A panel discussion in conjunction with the exhibition
Prussian Blue-Memory After Representation: Yishai Jusidman
Tuesday, March 5 at 6:30pm (Free for members)
With Irmgard Emmelhainz (La Esmeralda National Art School, Mexico City); Gary Kornblau (Art Center College of Design; Pasadena, California); Nico Israel (Hunter College and CUNY Graduate Center, New York); Yishai Jusidman (visual artist); Gabriela Rangel (Visual Arts at Americas Society)
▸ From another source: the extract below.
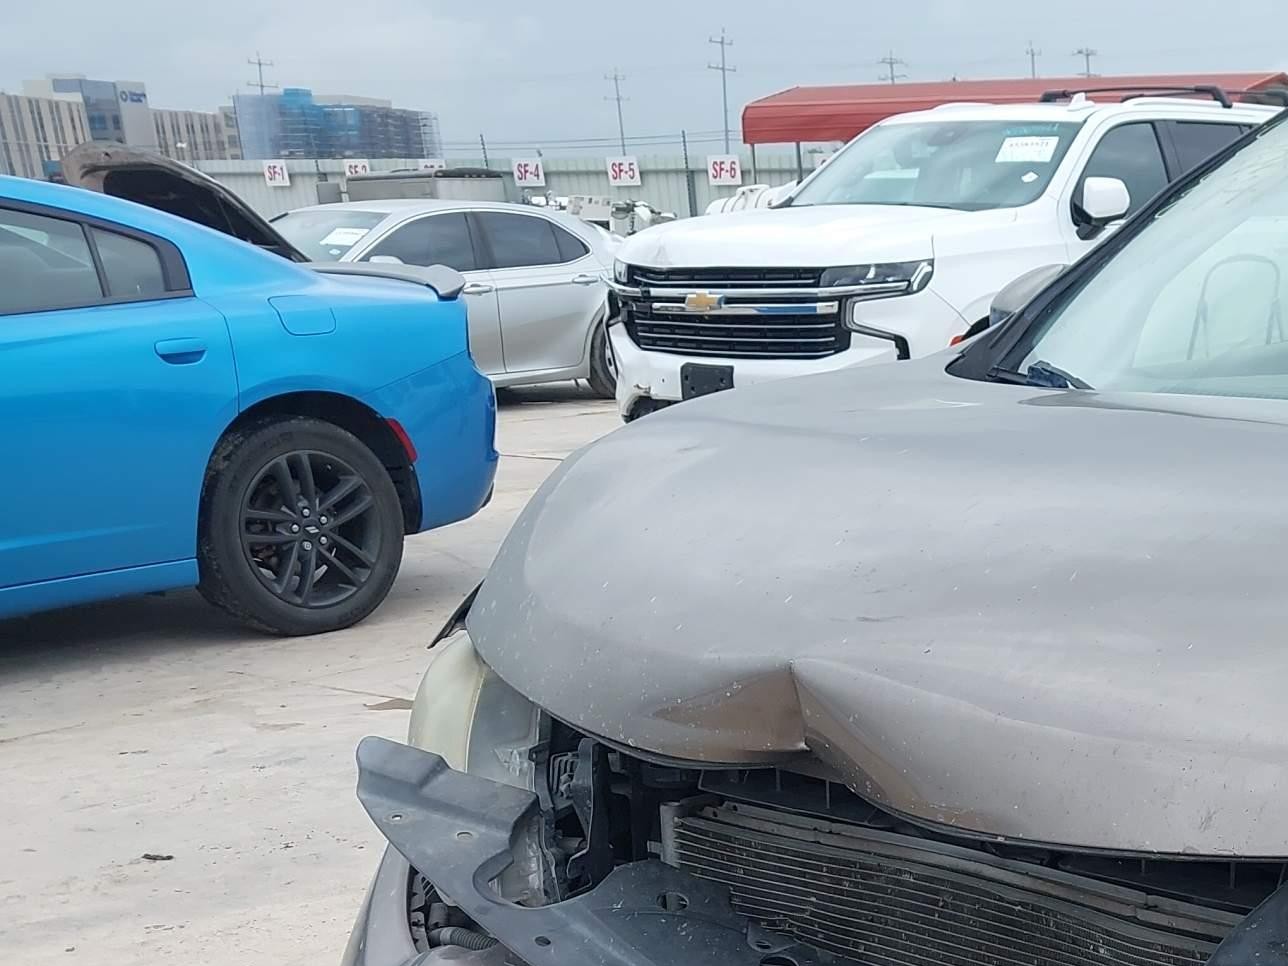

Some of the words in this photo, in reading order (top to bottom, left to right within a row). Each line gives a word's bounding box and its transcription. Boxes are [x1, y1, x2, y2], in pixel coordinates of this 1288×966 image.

Exhibition: January 23–March 24, 2013
Americas Society
680 Park Avenue, New York NY 10065
Wednesday–Sunday 12–6pm
Free admission
In conjunction with the exhibition Prussian Blue – Memory after Representation: Yishai Jusidman, on view from January 23rd to March 24th, the Visual Arts Department at Americas Society will host on March 5 at 6:30pm the panel discussion “Painting After Representation.” The talk will focus on painting’s contentious relationship with the representation of memory and collective trauma. The Prussian Blue series by Yishai Jusidman (b. 1963, Mexico) is based on appropriated photographs of the architecture of gas chambers at various concentration camps during World War II. Jusidman’s approach to the Shoah avoids sentimentality and voyeurism by generating pictorial impressions through the use of a pigment that operates as a material witness to the genocide—Prussian blue. In a time when the Enlightenment project has been replaced by the logic of archival fever, the Prussian Blue series offers a productive point of debate on the relevance of painting in the re-configuration of memory. How is the axiology of art and the collective memory of our violent past engaged with the appropriation of archival sources by contemporary artists? What may the contribution of painting be to the construction of a historical discourse today? Critics Irmgard Emmelhainz, Gary Kornblau and Nico Israel, along with the artist Yishai Jusidman, will examine topics surrounding Jean-Luc Godard and Claude Lanzmann’s polemic in regards to the ethical status of images of the Shoah, as well as the question posited by Jusidman’s project—to make silence speak through painting—with references to the writings of Theodor Adorno, Paul Celan, Hannah Arendt, Primo Levi and Giorgio Agamben. Moderated by the exhibition curator and Visual Arts director at Americas Society, Gabriela Rangel, this program aims to provide a critical framework to issues of collective memory and trauma vis-à-vis the instrumental use of historical narratives in contemporary art projects.